• What to work on: The answer is the full listing below, copied exactly, with its pictures omitted.

• Input data:
------------------------------------------------

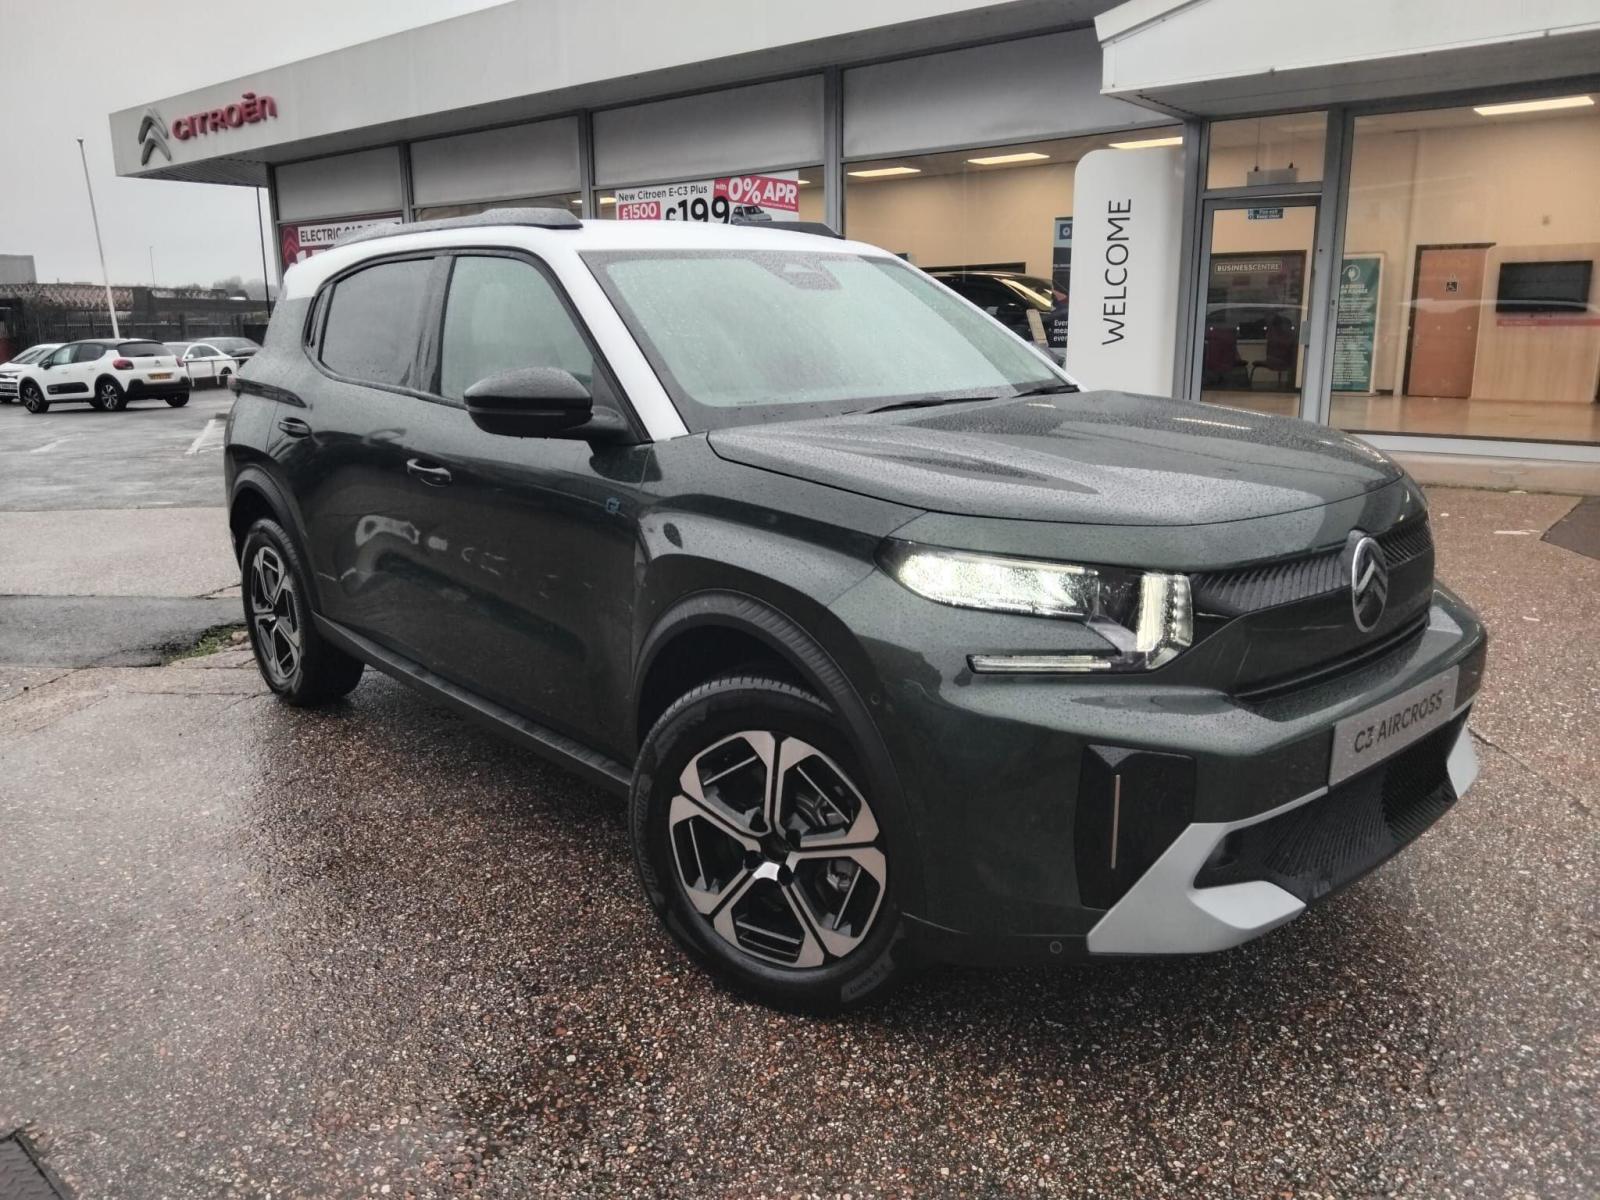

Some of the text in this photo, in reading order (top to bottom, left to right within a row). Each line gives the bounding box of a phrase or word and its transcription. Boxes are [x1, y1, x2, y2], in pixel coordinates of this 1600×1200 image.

[618, 184, 708, 202] New Citroen E-C3 Plus
[715, 176, 797, 205] with 0% APR
[622, 203, 657, 219] £1500
[1102, 198, 1132, 345] WELCOME
[1354, 689, 1443, 753] C3 AIRCROSS
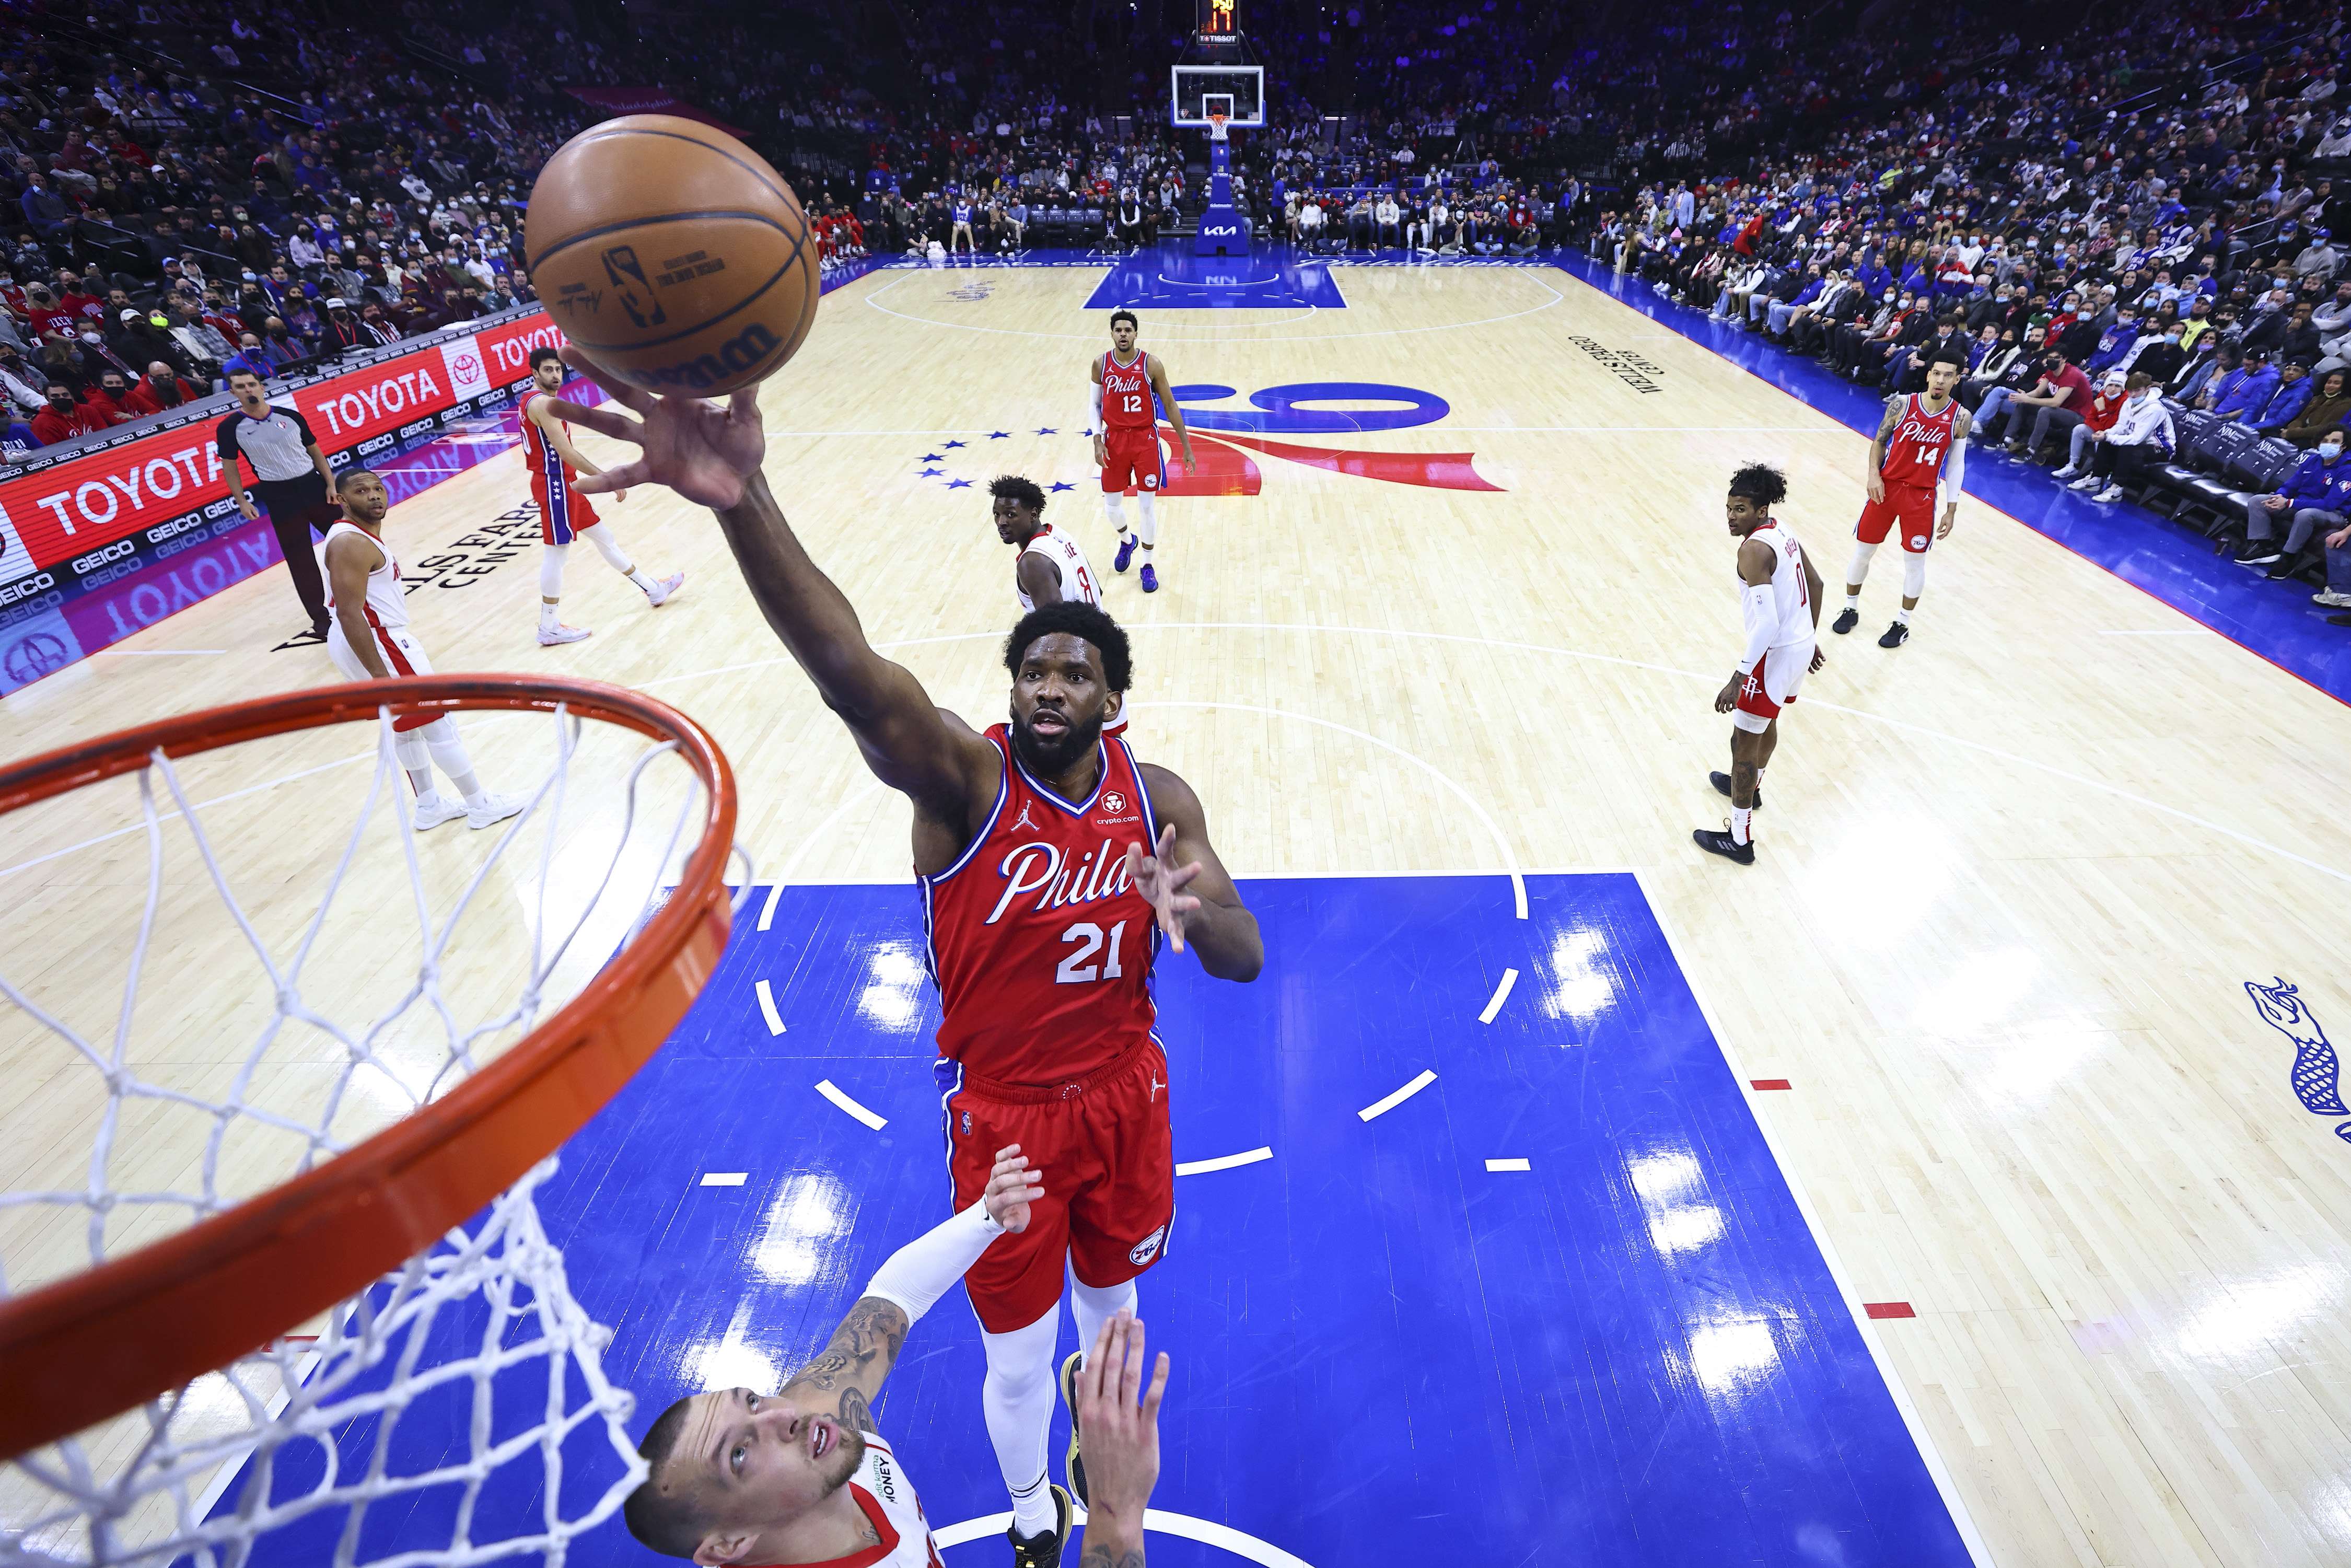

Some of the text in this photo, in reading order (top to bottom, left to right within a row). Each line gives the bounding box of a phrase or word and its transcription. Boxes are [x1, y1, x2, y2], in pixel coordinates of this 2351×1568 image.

[1213, 10, 1230, 31] 17
[1293, 258, 1554, 267] Philadelphia
[1568, 336, 1663, 393] WELLS FARGO
[1616, 350, 1665, 375] CENTER
[1105, 375, 1142, 395] Phila
[27, 458, 53, 471] GEICO
[55, 450, 81, 462] GEICO
[84, 442, 109, 453] GEICO
[111, 434, 134, 445] GEICO
[136, 425, 158, 437] GEICO
[164, 418, 185, 429] GEICO
[188, 411, 208, 421] GEICO
[210, 404, 229, 414] GEICO
[270, 386, 287, 396] GEICO
[289, 380, 307, 389] GEICO
[307, 374, 324, 384] GEICO
[325, 369, 340, 378] GEICO
[342, 364, 357, 373] GEICO
[358, 359, 373, 367] GEICO
[375, 353, 389, 362] GEICO
[316, 368, 441, 435] TOYOTA
[1123, 395, 1142, 412] 12
[2183, 412, 2199, 424] NJM
[1898, 421, 1946, 444] Phila
[2219, 425, 2237, 438] NJM
[1915, 445, 1939, 467] 14
[2256, 440, 2275, 454] NJM
[2296, 452, 2310, 464] NJ
[0, 572, 55, 608] EICO
[72, 540, 135, 575] GEICO
[146, 512, 202, 544] GEICO
[327, 450, 351, 469] ICO
[357, 433, 394, 456] GEICO
[400, 417, 434, 438] GEICO
[441, 402, 471, 422] GEICO
[479, 388, 506, 406] GEICO
[37, 440, 224, 536] TOYOTA
[438, 522, 543, 588] CENTE
[1077, 566, 1096, 605] 8
[1796, 562, 1807, 608] 0
[1097, 815, 1139, 825] crypto.com
[983, 838, 1133, 925] Phila
[1055, 920, 1127, 984] 21
[873, 1455, 881, 1482] karma

------------------------------------------------

• Answer to this problem:
Some of the text in this photo, in reading order (top to bottom, left to right within a row). Each line gives the bounding box of a phrase or word and its transcription. Boxes are [x1, y1, x2, y2], in pixel coordinates of this 1600×1200 image.

[618, 184, 708, 202] New Citroen E-C3 Plus
[715, 176, 797, 205] with 0% APR
[622, 203, 657, 219] £1500
[1102, 198, 1132, 345] WELCOME
[1354, 689, 1443, 753] C3 AIRCROSS

Some of the text in this photo, in reading order (top to bottom, left to right within a row). Each line gives the bounding box of a phrase or word and its transcription. Boxes are [x1, y1, x2, y2], in pixel coordinates of this 2351×1568 image.

[1213, 10, 1230, 31] 17
[1293, 258, 1554, 267] Philadelphia
[1568, 336, 1663, 393] WELLS FARGO
[1616, 350, 1665, 375] CENTER
[1105, 375, 1142, 395] Phila
[27, 458, 53, 471] GEICO
[55, 450, 81, 462] GEICO
[84, 442, 109, 453] GEICO
[111, 434, 134, 445] GEICO
[136, 425, 158, 437] GEICO
[164, 418, 185, 429] GEICO
[188, 411, 208, 421] GEICO
[210, 404, 229, 414] GEICO
[270, 386, 287, 396] GEICO
[289, 380, 307, 389] GEICO
[307, 374, 324, 384] GEICO
[325, 369, 340, 378] GEICO
[342, 364, 357, 373] GEICO
[358, 359, 373, 367] GEICO
[375, 353, 389, 362] GEICO
[316, 368, 441, 435] TOYOTA
[1123, 395, 1142, 412] 12
[2183, 412, 2199, 424] NJM
[1898, 421, 1946, 444] Phila
[2219, 425, 2237, 438] NJM
[1915, 445, 1939, 467] 14
[2256, 440, 2275, 454] NJM
[2296, 452, 2310, 464] NJ
[0, 572, 55, 608] EICO
[72, 540, 135, 575] GEICO
[146, 512, 202, 544] GEICO
[327, 450, 351, 469] ICO
[357, 433, 394, 456] GEICO
[400, 417, 434, 438] GEICO
[441, 402, 471, 422] GEICO
[479, 388, 506, 406] GEICO
[37, 440, 224, 536] TOYOTA
[438, 522, 543, 588] CENTE
[1077, 566, 1096, 605] 8
[1796, 562, 1807, 608] 0
[1097, 815, 1139, 825] crypto.com
[983, 838, 1133, 925] Phila
[1055, 920, 1127, 984] 21
[873, 1455, 881, 1482] karma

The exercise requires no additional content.